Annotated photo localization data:
+ + + + +
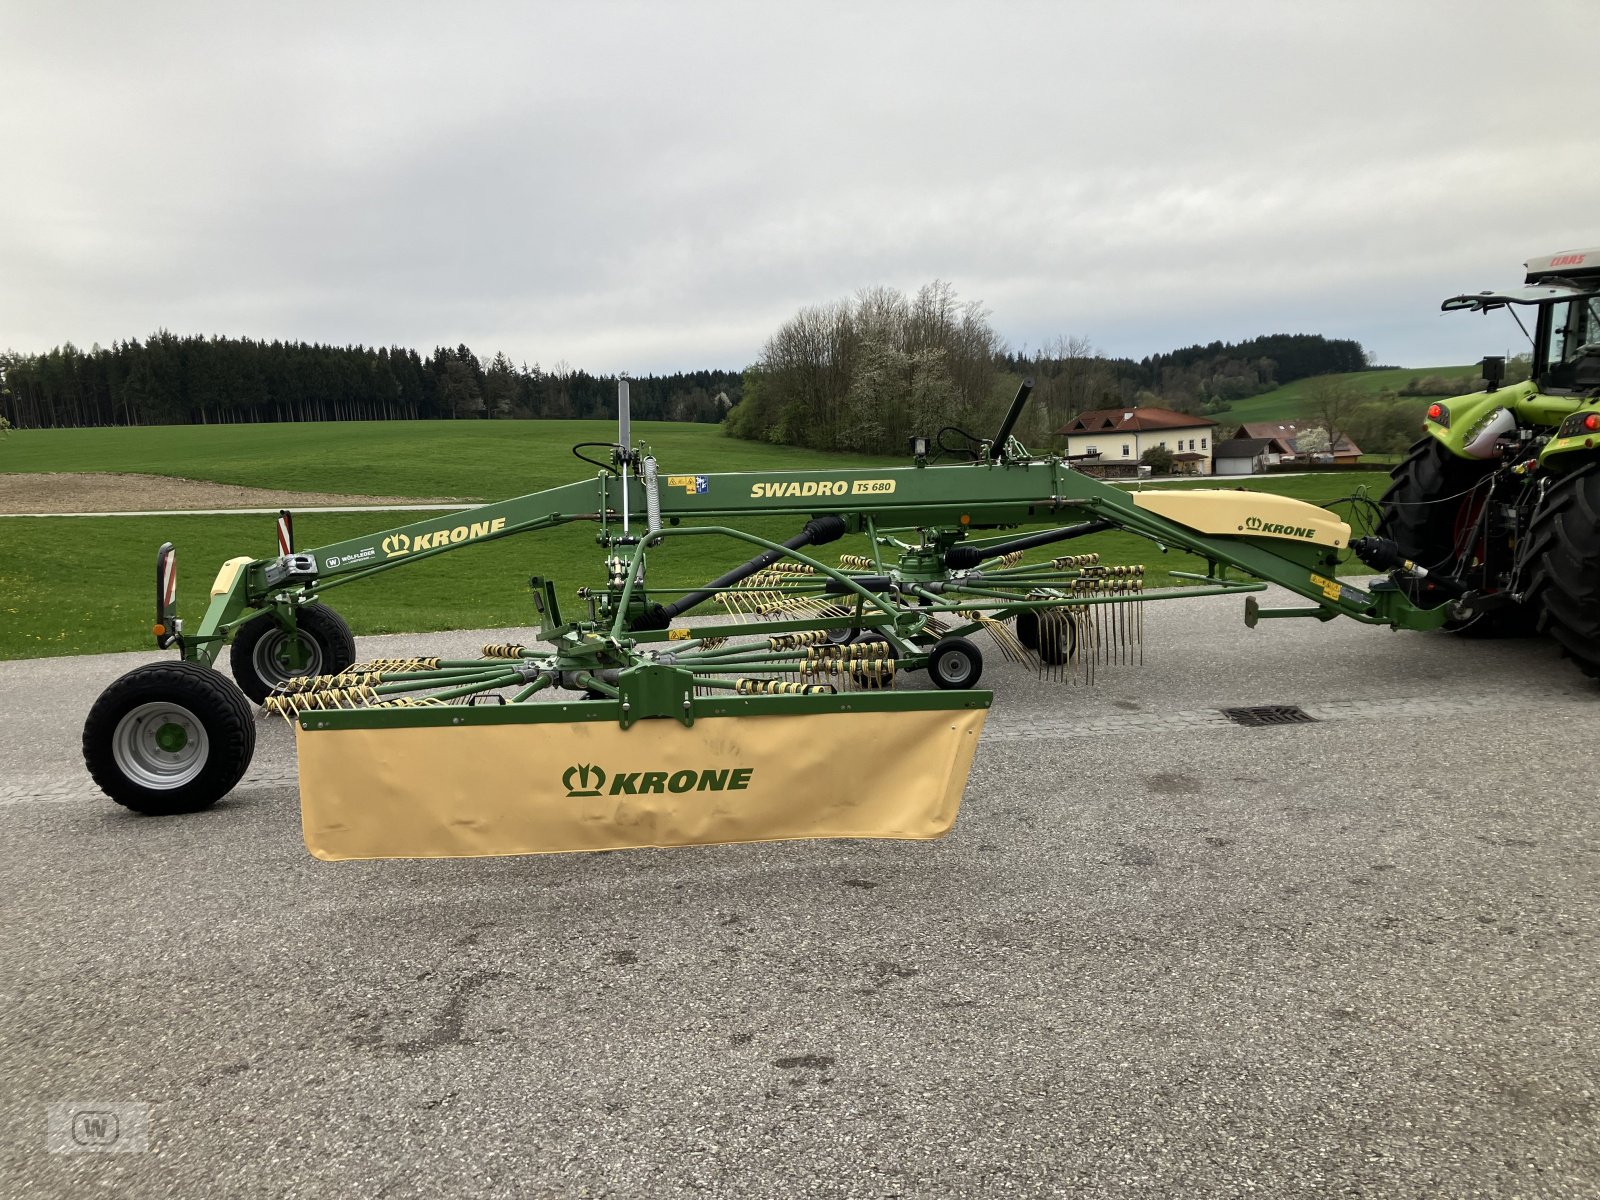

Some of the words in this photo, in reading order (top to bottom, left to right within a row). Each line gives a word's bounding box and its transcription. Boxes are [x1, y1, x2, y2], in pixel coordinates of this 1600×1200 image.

[750, 480, 849, 498] SWADRO
[857, 483, 869, 492] TS
[871, 482, 891, 491] 680
[412, 517, 506, 553] KRONE
[1262, 522, 1316, 538] KRONE
[608, 767, 755, 796] KRONE
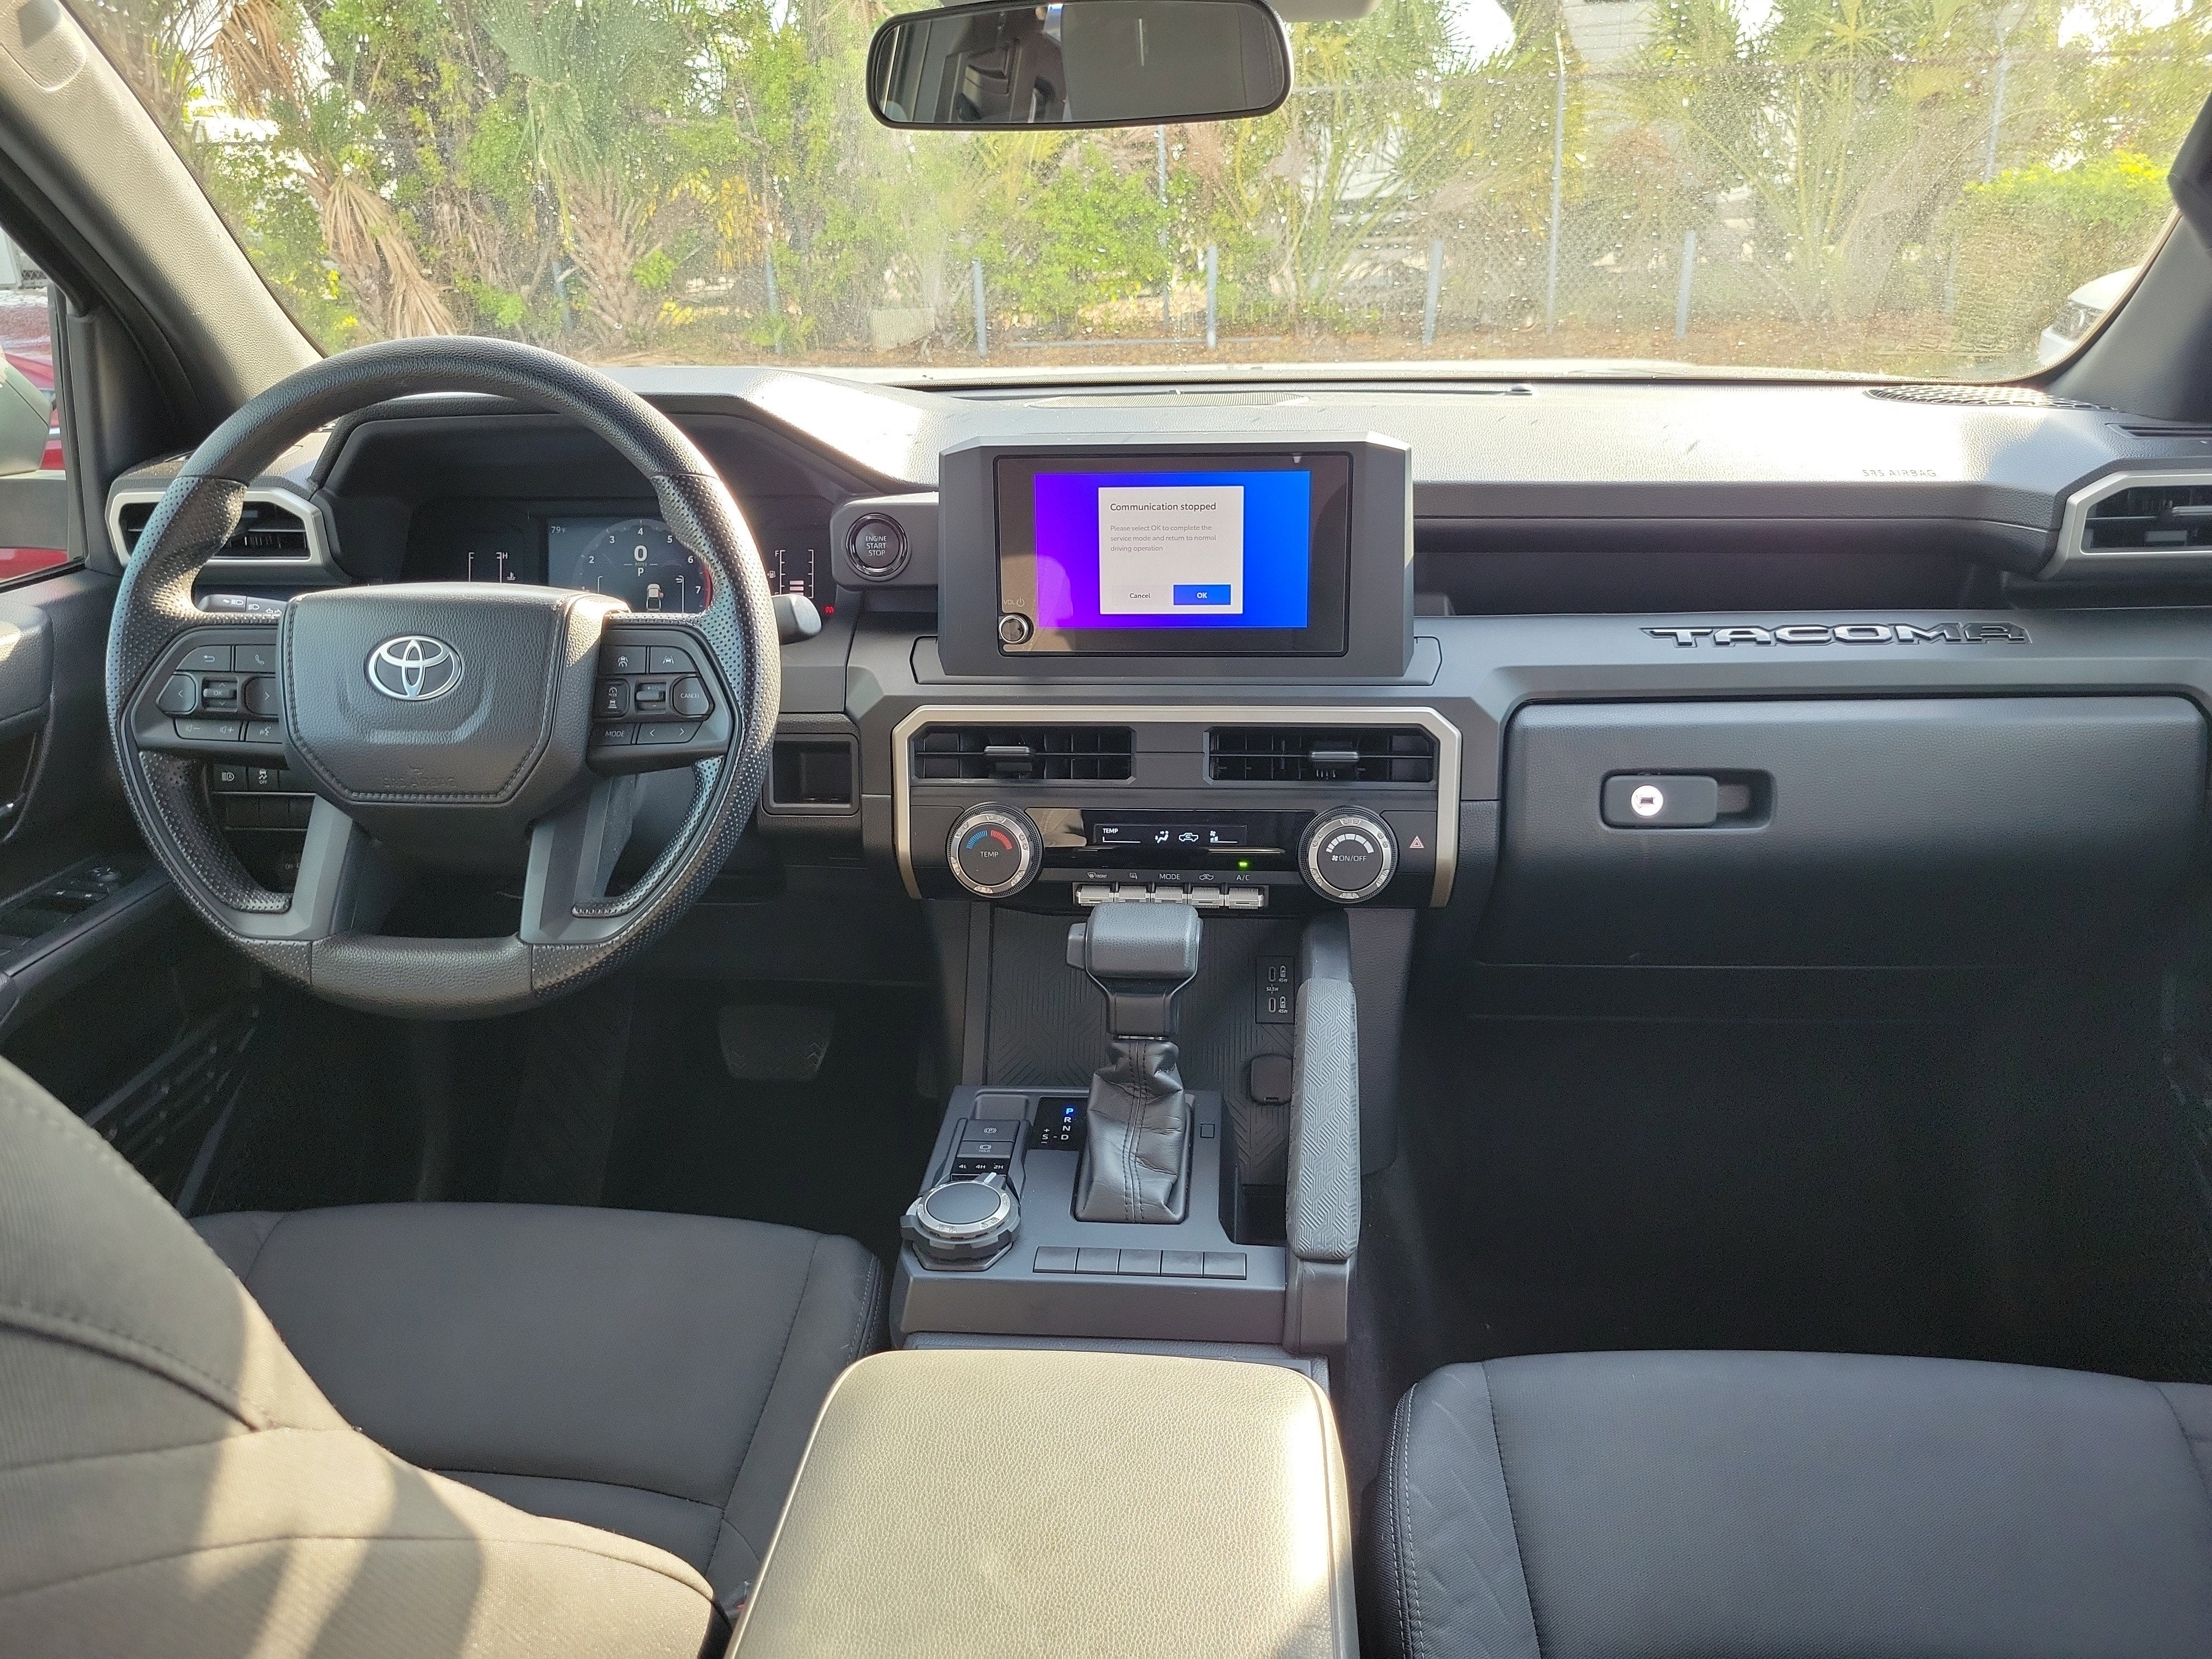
+ + + + +
» Problem description:
Images stay out, but the rest of the records must be retyped exactly.

» The answer:
Some of the words in this photo, in reading order (top to bottom, left to right within a row). Each line gives a word's bounding box and its transcription. Boxes are [x1, y1, x2, y2], in pixel coordinates of this 1600×1200 image.

[750, 480, 849, 498] SWADRO
[857, 483, 869, 492] TS
[871, 482, 891, 491] 680
[412, 517, 506, 553] KRONE
[1262, 522, 1316, 538] KRONE
[608, 767, 755, 796] KRONE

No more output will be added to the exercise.